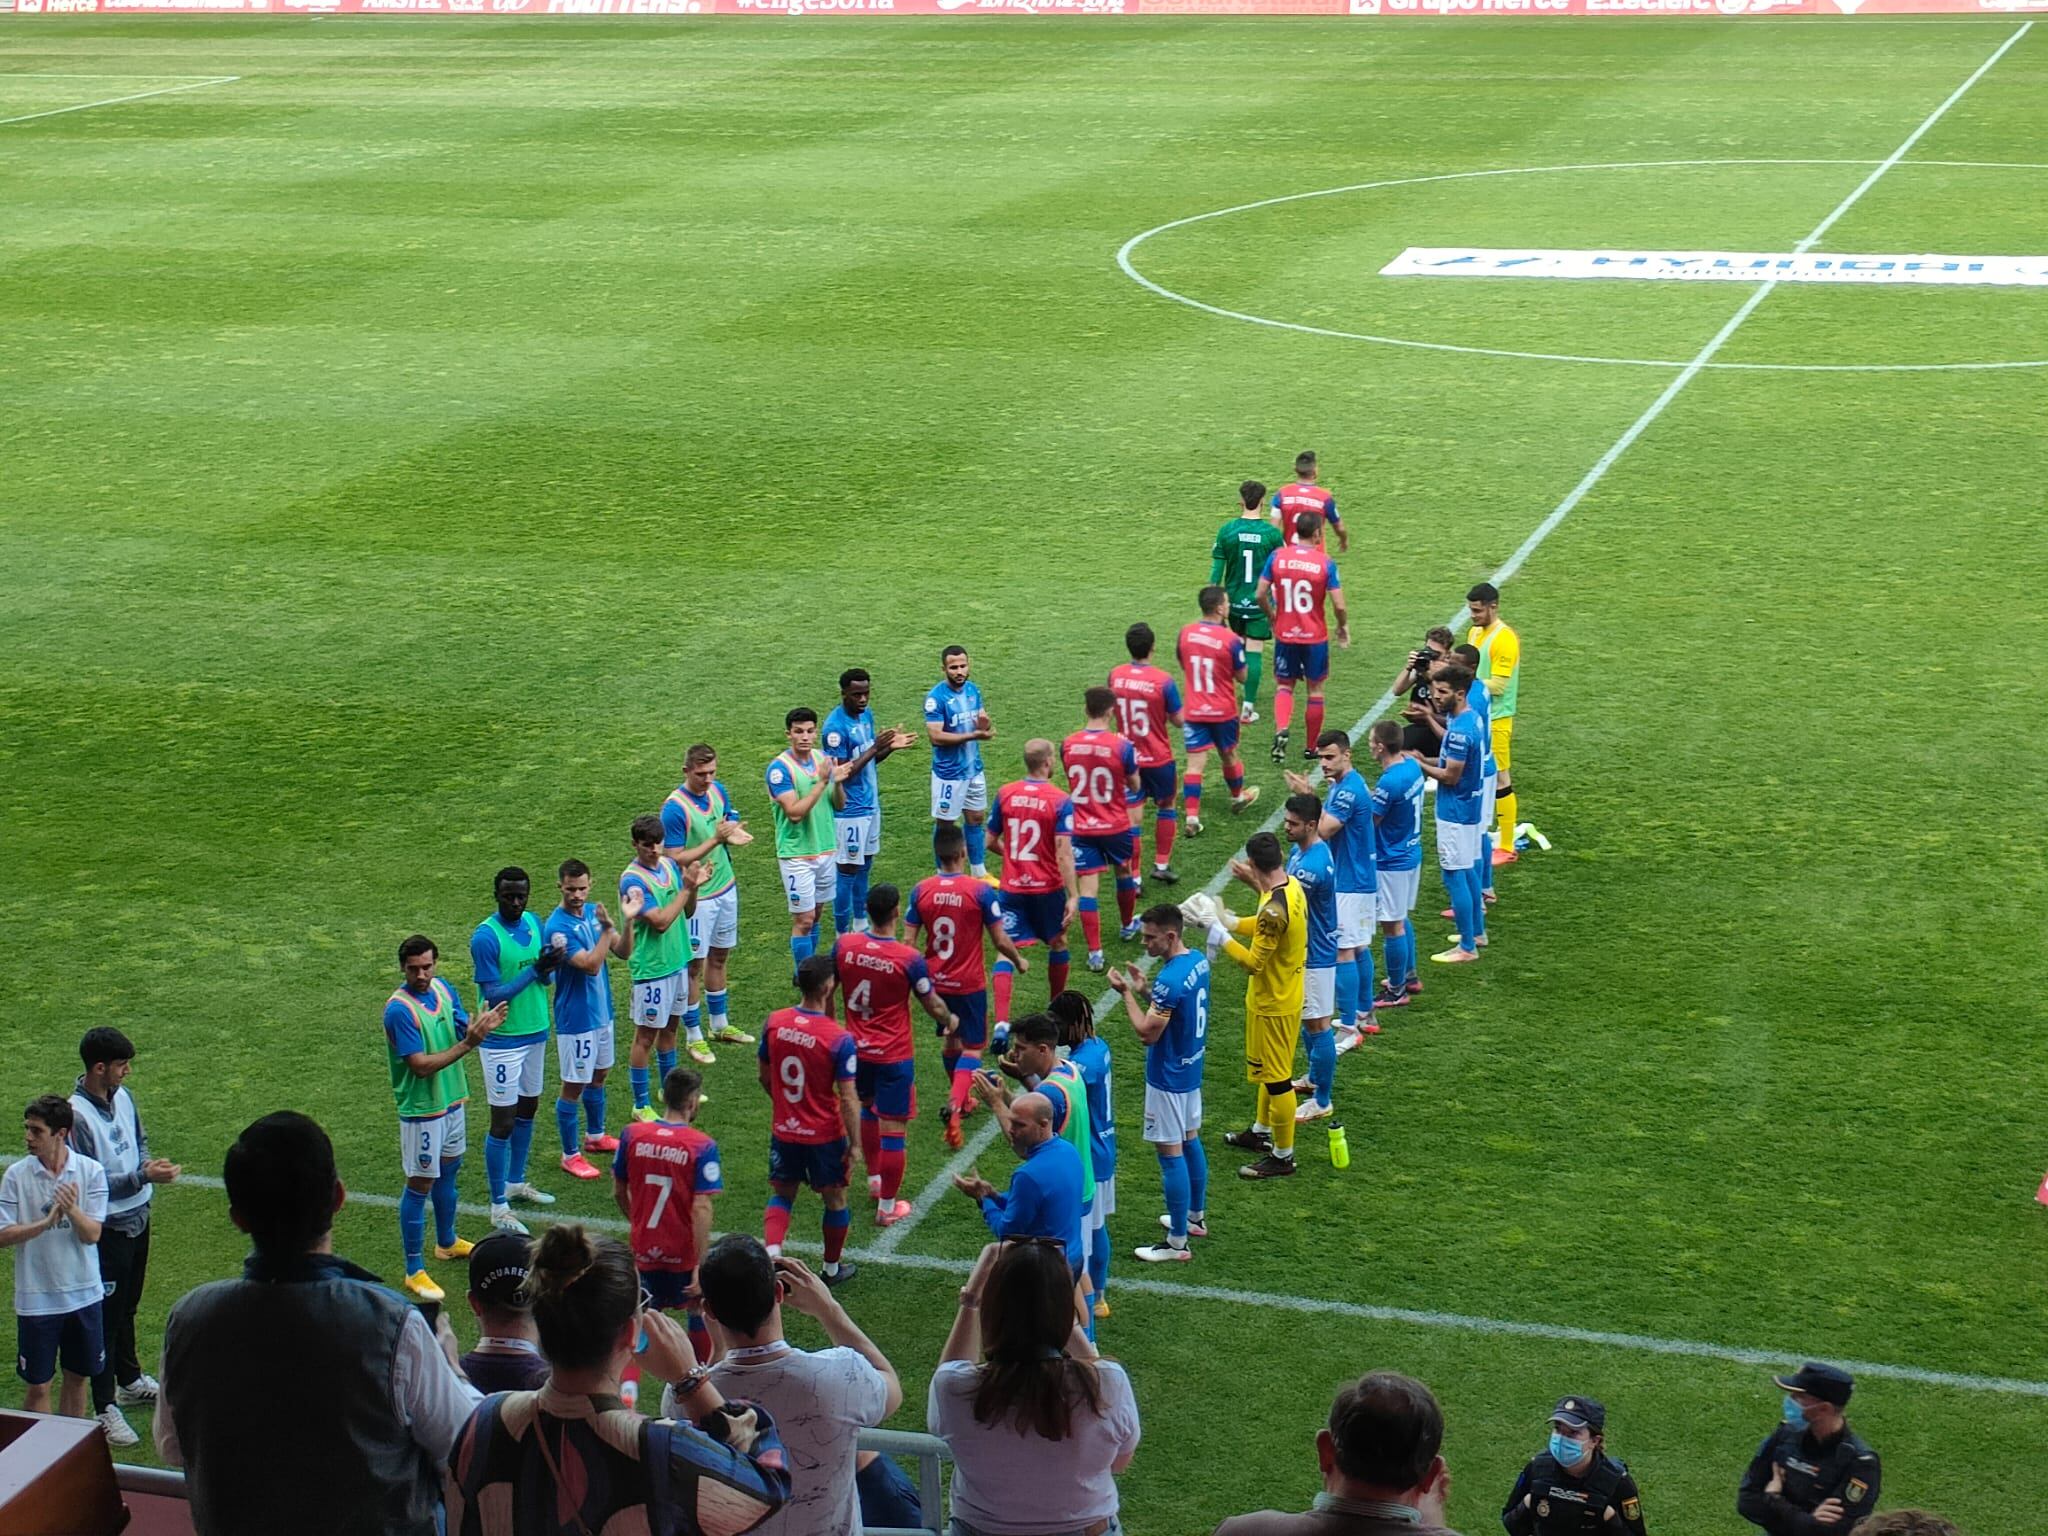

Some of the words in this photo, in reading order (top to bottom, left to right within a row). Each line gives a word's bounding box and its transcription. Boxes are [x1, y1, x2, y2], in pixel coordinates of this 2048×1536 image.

[1242, 549, 1254, 583] 1
[1280, 577, 1314, 615] 16
[1189, 655, 1216, 695] 11
[1116, 697, 1151, 737] 15
[940, 783, 954, 801] 18
[1067, 763, 1114, 805] 20
[847, 826, 860, 843] 21
[1006, 816, 1042, 862] 12
[788, 874, 797, 891] 2
[932, 915, 956, 961] 8
[643, 985, 662, 1006] 38
[847, 979, 875, 1022] 4
[1195, 986, 1208, 1039] 6
[575, 1038, 592, 1060] 15
[495, 1062, 507, 1084] 8
[780, 1055, 806, 1105] 9
[421, 1130, 431, 1152] 3
[644, 1173, 674, 1230] 7

■ WHAT YOU SHOULD DO
If a record holds a picture, drop the picture and reproduce everything else exactly.

■ EXERCISE RESULT
Some of the words in this photo, in reading order (top to bottom, left to right within a row). Each line gives a word's bounding box and its transcription. Boxes are [x1, y1, x2, y2], in pixel coordinates of this 2048×1536 image.

[1242, 549, 1254, 583] 1
[1280, 577, 1314, 615] 16
[1189, 655, 1216, 695] 11
[1116, 697, 1151, 737] 15
[940, 783, 954, 801] 18
[1067, 763, 1114, 805] 20
[847, 826, 860, 843] 21
[1006, 816, 1042, 862] 12
[788, 874, 797, 891] 2
[932, 915, 956, 961] 8
[643, 985, 662, 1006] 38
[847, 979, 875, 1022] 4
[1195, 986, 1208, 1039] 6
[575, 1038, 592, 1060] 15
[495, 1062, 507, 1084] 8
[780, 1055, 806, 1105] 9
[421, 1130, 431, 1152] 3
[644, 1173, 674, 1230] 7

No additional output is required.